== Data in this exercise ==
______
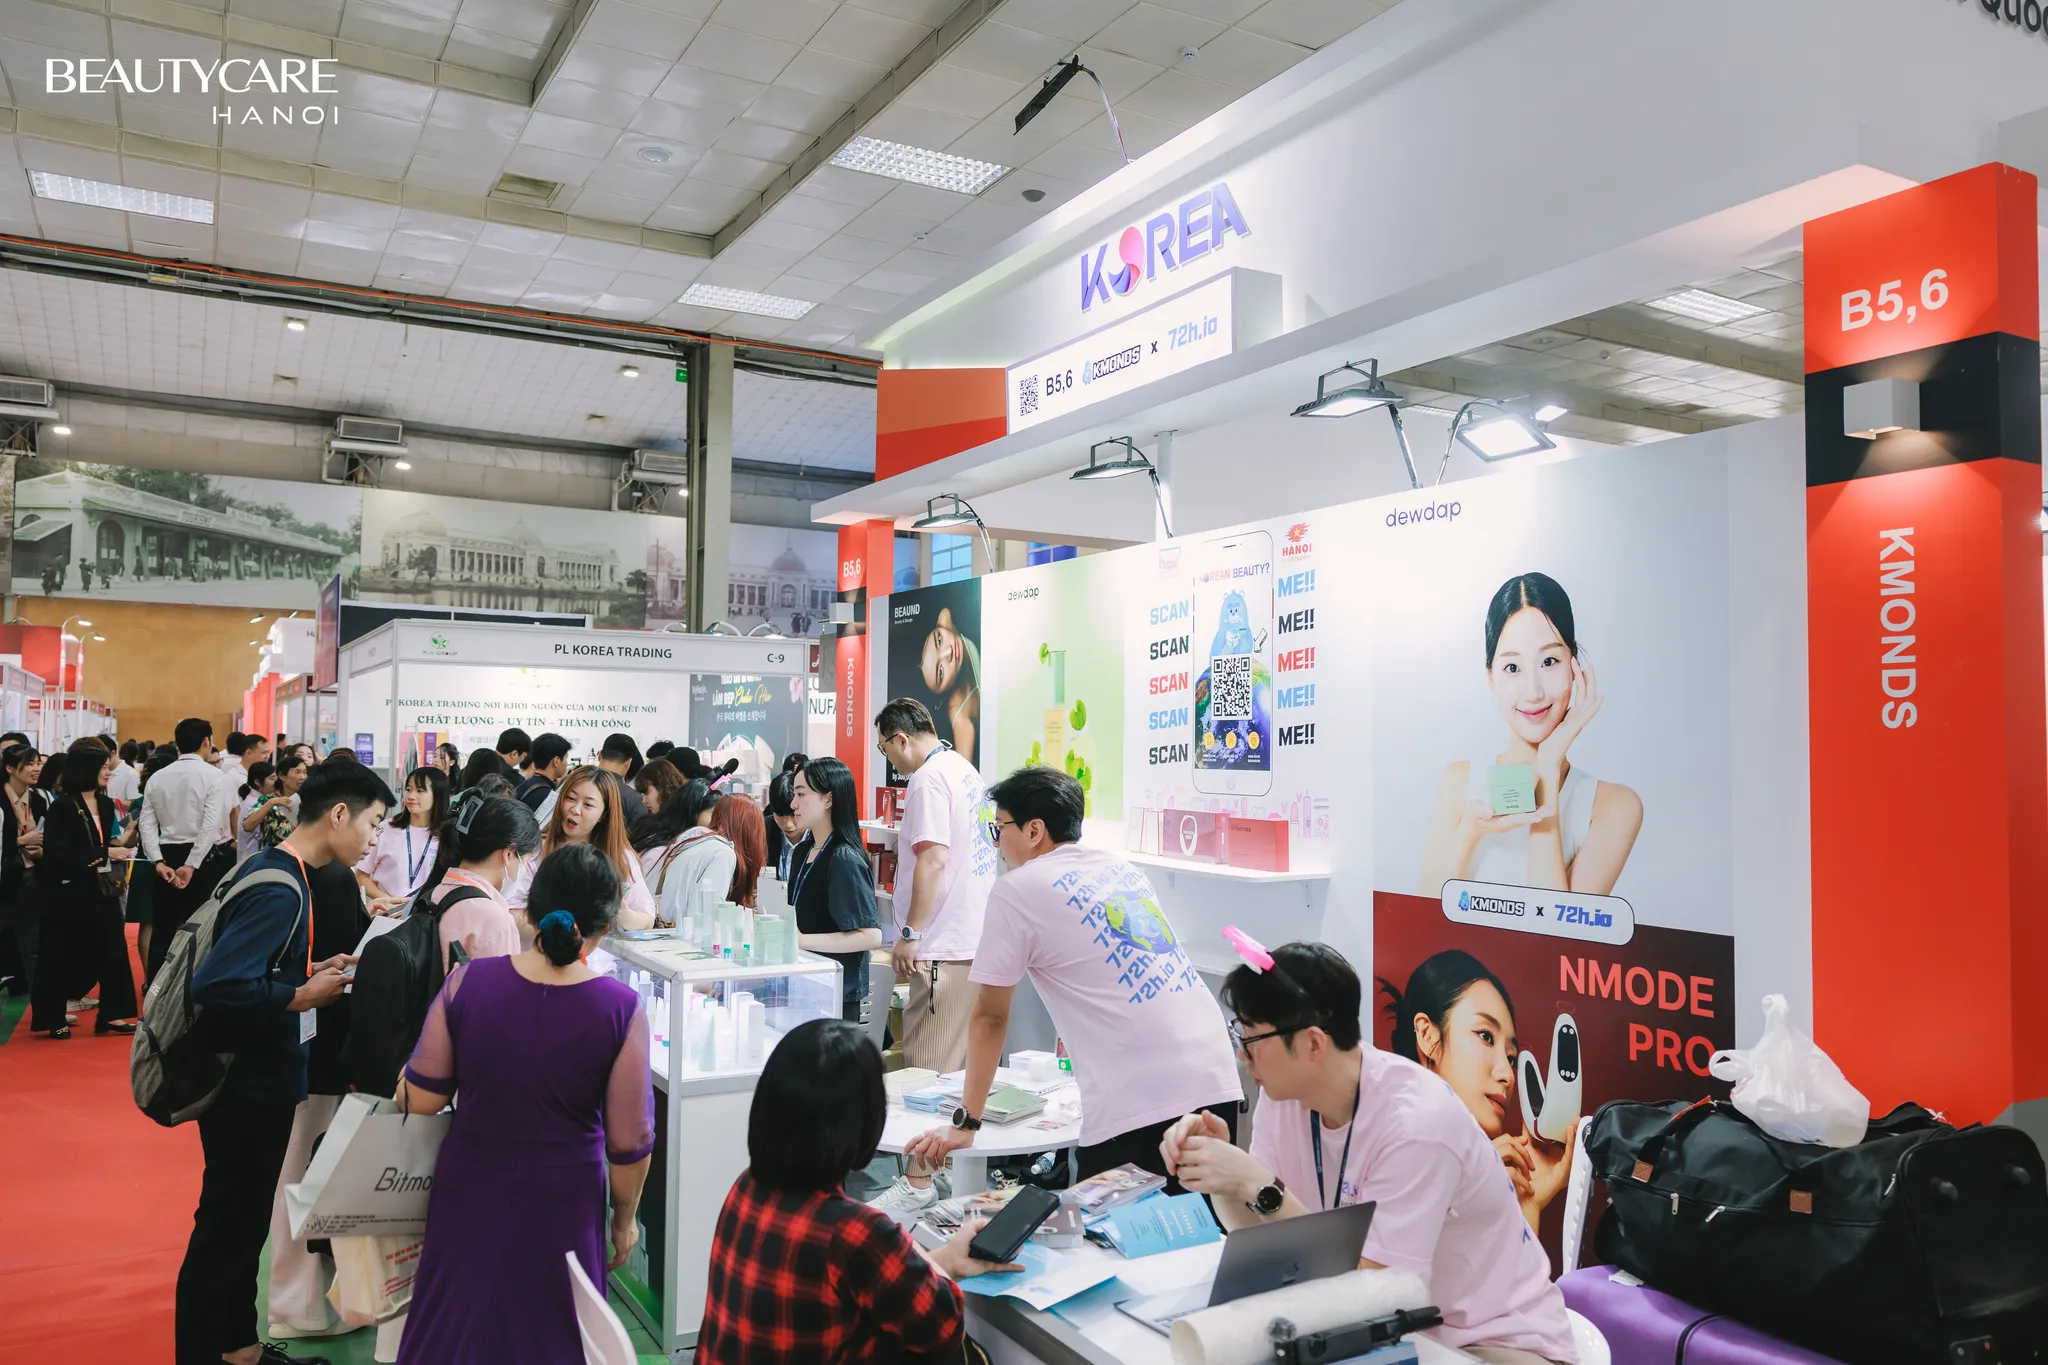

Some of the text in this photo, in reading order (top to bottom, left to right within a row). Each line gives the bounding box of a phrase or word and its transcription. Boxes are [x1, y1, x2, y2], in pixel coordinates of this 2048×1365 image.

[1081, 182, 1251, 314] KOREA
[1840, 268, 1949, 333] B5,6
[1046, 370, 1073, 396] B5,6
[1092, 345, 1141, 380] KMONDS
[1168, 316, 1218, 350] 72h.io
[1386, 501, 1462, 528] dewdap
[1282, 543, 1312, 557] HANOI
[843, 560, 861, 577] B5,6
[1232, 562, 1270, 578] BEAUTY?
[1007, 586, 1040, 601] dewdap
[1277, 569, 1316, 598] ME!!
[894, 604, 921, 618] BEAUND
[1150, 599, 1189, 625] SCAN
[1278, 608, 1315, 635] ME!!
[1879, 526, 1918, 729] KMONDS
[554, 644, 672, 659] PL KOREA TRADING
[767, 653, 785, 663] C-9
[1150, 635, 1189, 660] SCAN
[1277, 647, 1315, 673] ME!!
[1150, 672, 1189, 695] SCAN
[436, 700, 481, 709] TRADING
[846, 657, 854, 738] KMONDS
[1277, 684, 1315, 709] ME!!
[507, 717, 523, 726] UY
[1149, 707, 1188, 730] SCAN
[1278, 723, 1315, 746] ME!!
[1149, 744, 1188, 765] SCAN
[1470, 895, 1526, 916] KMONDS
[1554, 904, 1612, 928] 72h.io
[1128, 962, 1176, 1005] 72h.io
[1560, 955, 1715, 1019] NMODE
[1629, 1022, 1717, 1077] PRO
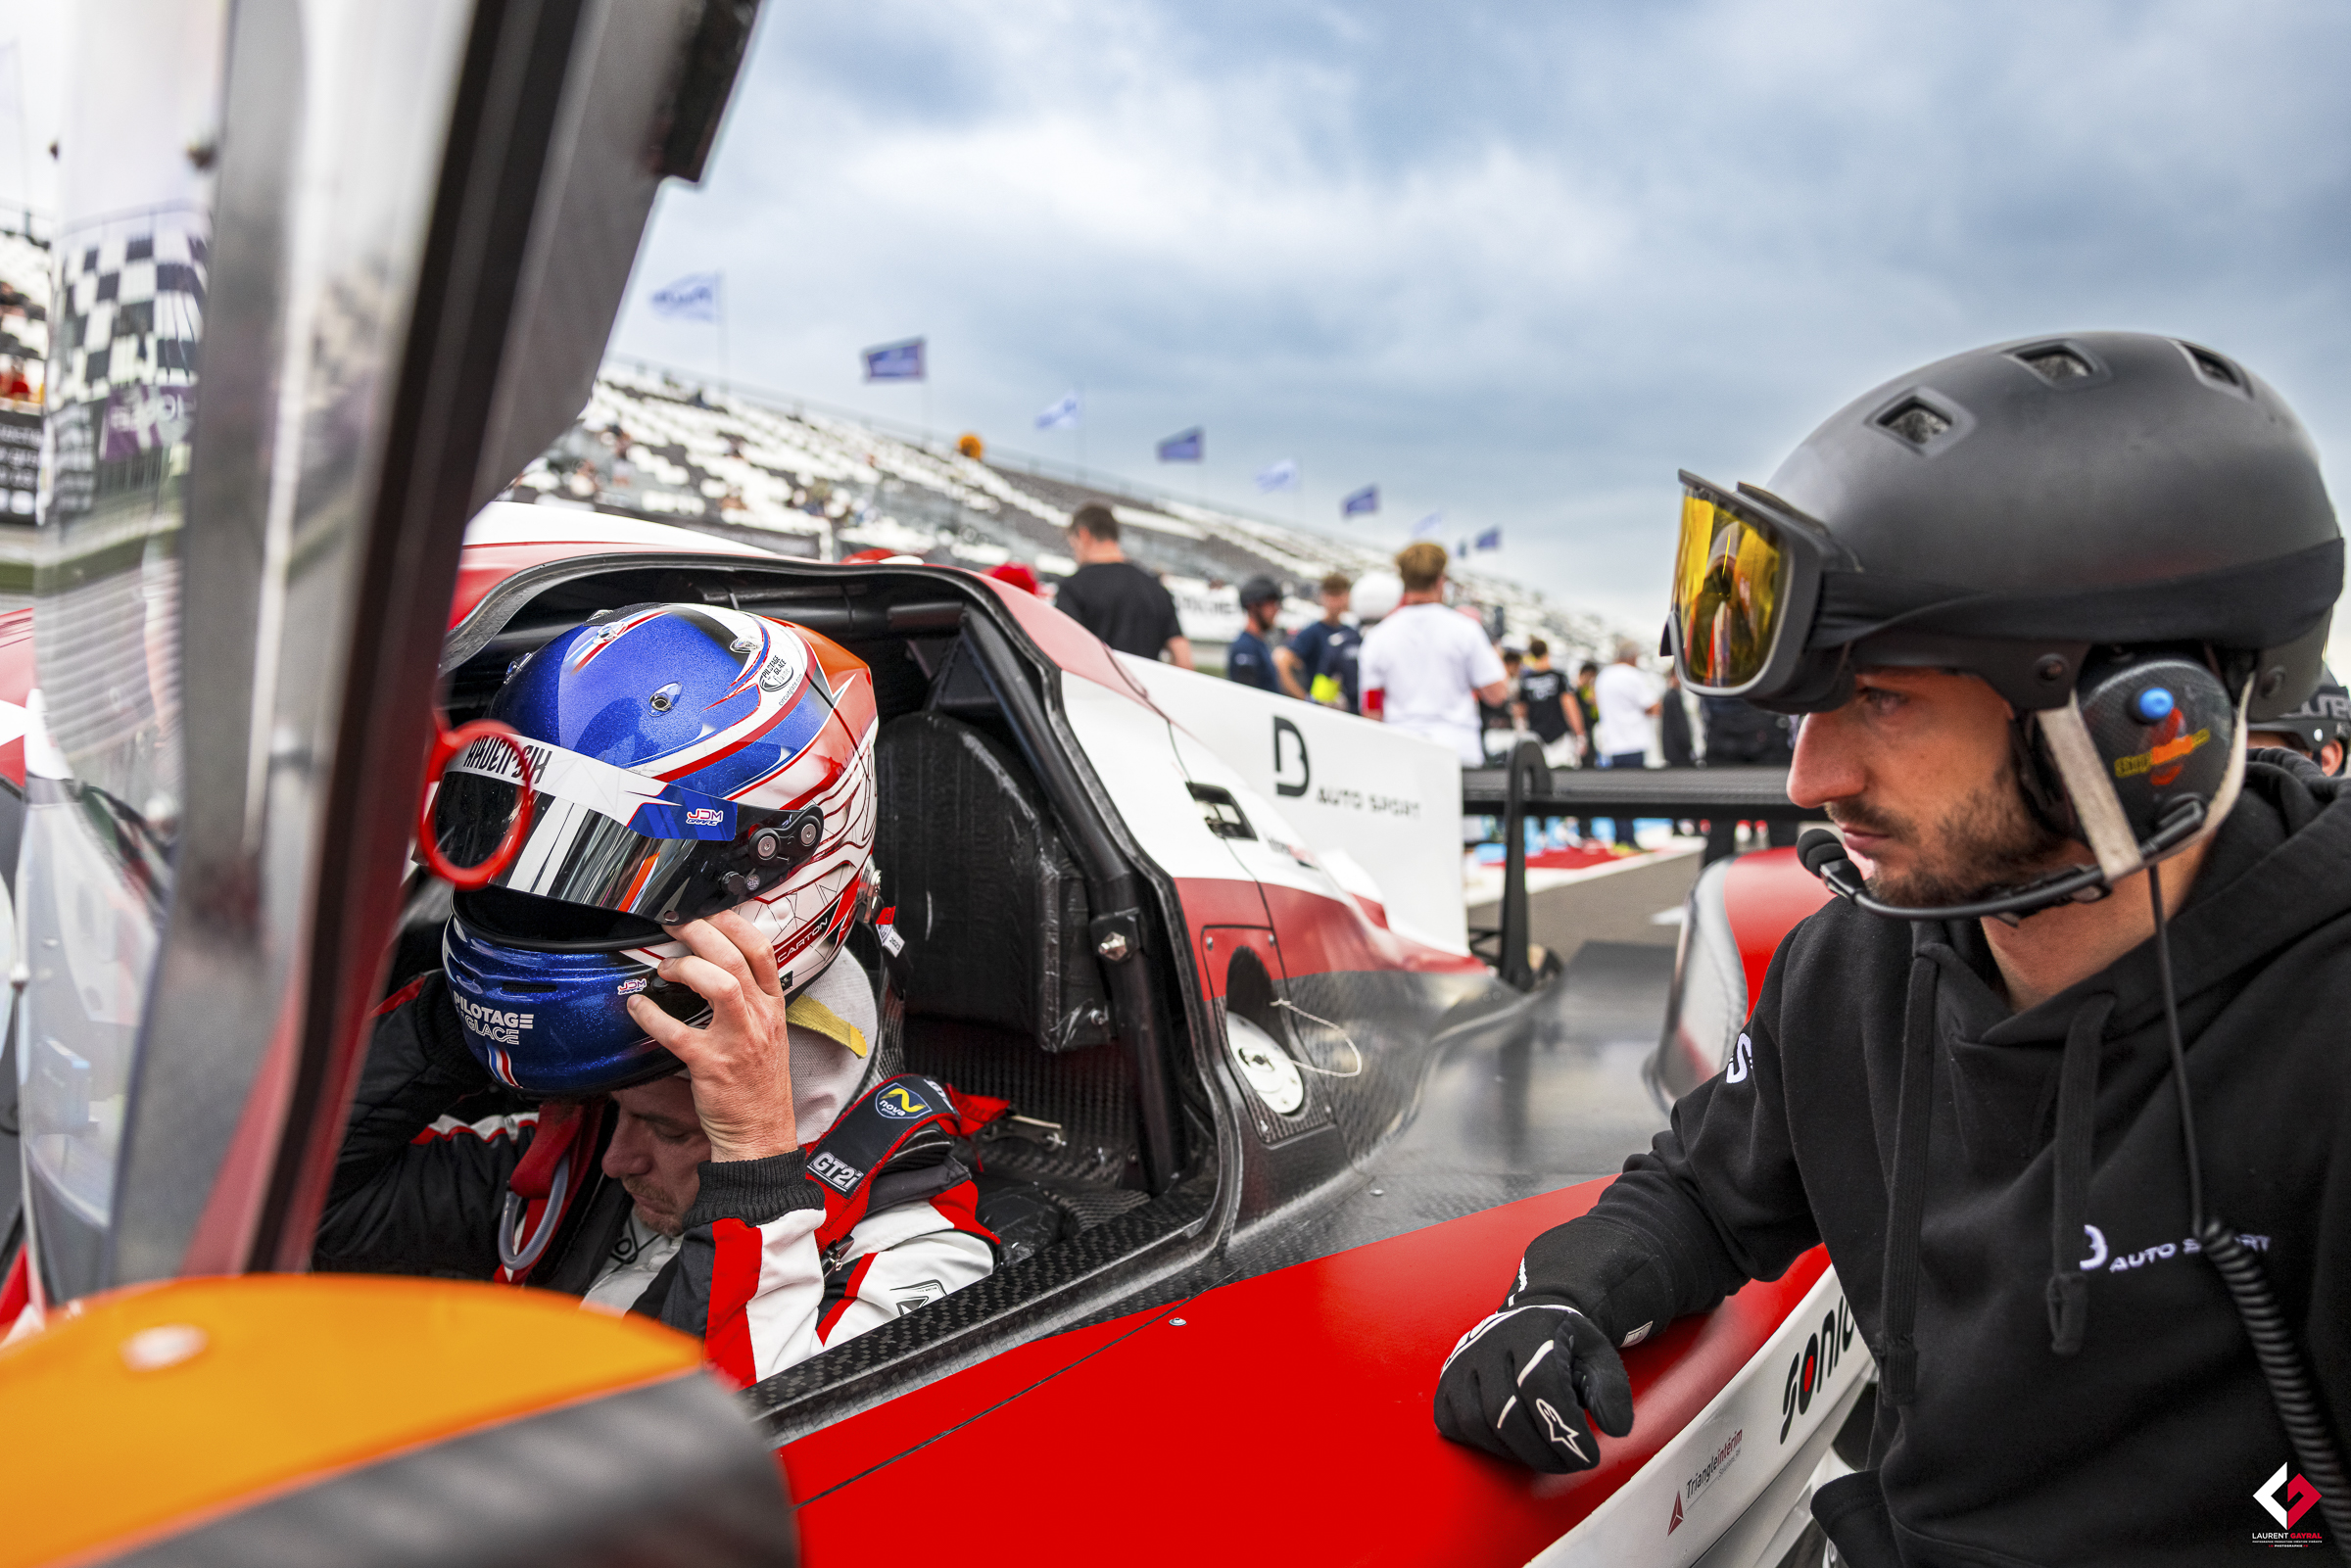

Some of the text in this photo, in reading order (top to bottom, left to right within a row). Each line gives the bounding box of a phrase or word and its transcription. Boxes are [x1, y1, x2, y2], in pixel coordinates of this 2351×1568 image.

[688, 808, 723, 821] JDM
[1317, 786, 1420, 820] AUTO SPORT
[777, 918, 829, 964] CARTON
[618, 979, 646, 991] JDM
[454, 990, 535, 1029] PILOTAGE
[464, 1015, 520, 1046] GLACE
[879, 1099, 906, 1117] nova
[809, 1151, 864, 1190] GT2i
[2109, 1242, 2178, 1273] AUTO
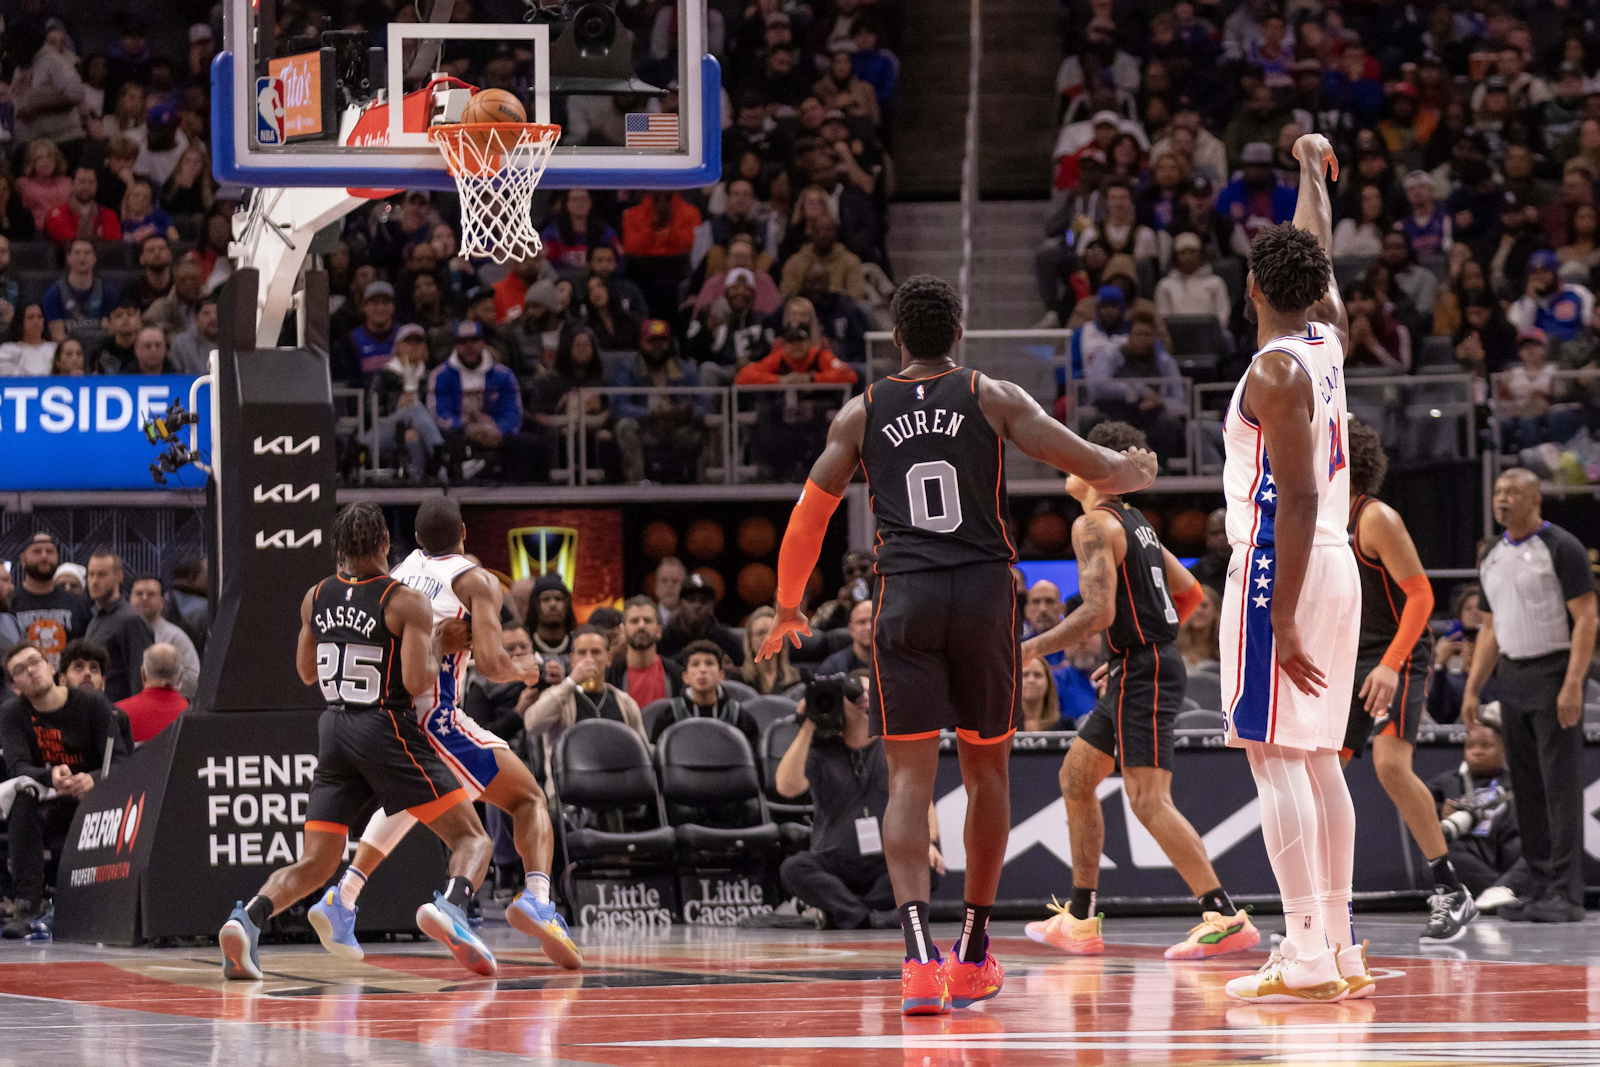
______
Strip the images and return the remaining data exactly.

Some of the text in this photo, in reading order (top to bottom, left to right within a row). Each line gives the bounding box of a phrase or word and its transcription. Boxes are [x1, y1, x2, y2], in pixel coordinates of this 2048×1365 image.

[1081, 182, 1251, 314] KOREA
[1840, 268, 1949, 333] B5,6
[1046, 370, 1073, 396] B5,6
[1092, 345, 1141, 380] KMONDS
[1168, 316, 1218, 350] 72h.io
[1386, 501, 1462, 528] dewdap
[1282, 543, 1312, 557] HANOI
[843, 560, 861, 577] B5,6
[1232, 562, 1270, 578] BEAUTY?
[1007, 586, 1040, 601] dewdap
[1277, 569, 1316, 598] ME!!
[894, 604, 921, 618] BEAUND
[1150, 599, 1189, 625] SCAN
[1278, 608, 1315, 635] ME!!
[1879, 526, 1918, 729] KMONDS
[554, 644, 672, 659] PL KOREA TRADING
[767, 653, 785, 663] C-9
[1150, 635, 1189, 660] SCAN
[1277, 647, 1315, 673] ME!!
[1150, 672, 1189, 695] SCAN
[436, 700, 481, 709] TRADING
[846, 657, 854, 738] KMONDS
[1277, 684, 1315, 709] ME!!
[507, 717, 523, 726] UY
[1149, 707, 1188, 730] SCAN
[1278, 723, 1315, 746] ME!!
[1149, 744, 1188, 765] SCAN
[1470, 895, 1526, 916] KMONDS
[1554, 904, 1612, 928] 72h.io
[1128, 962, 1176, 1005] 72h.io
[1560, 955, 1715, 1019] NMODE
[1629, 1022, 1717, 1077] PRO

Some of the text in this photo, in reading order (top to bottom, left to right within a row). Each line gives the bounding box of a phrase or word and its transcription. Boxes are [x1, y1, x2, y2], in pixel coordinates of this 2351×1568 image.

[688, 808, 723, 821] JDM
[1317, 786, 1420, 820] AUTO SPORT
[777, 918, 829, 964] CARTON
[618, 979, 646, 991] JDM
[454, 990, 535, 1029] PILOTAGE
[464, 1015, 520, 1046] GLACE
[879, 1099, 906, 1117] nova
[809, 1151, 864, 1190] GT2i
[2109, 1242, 2178, 1273] AUTO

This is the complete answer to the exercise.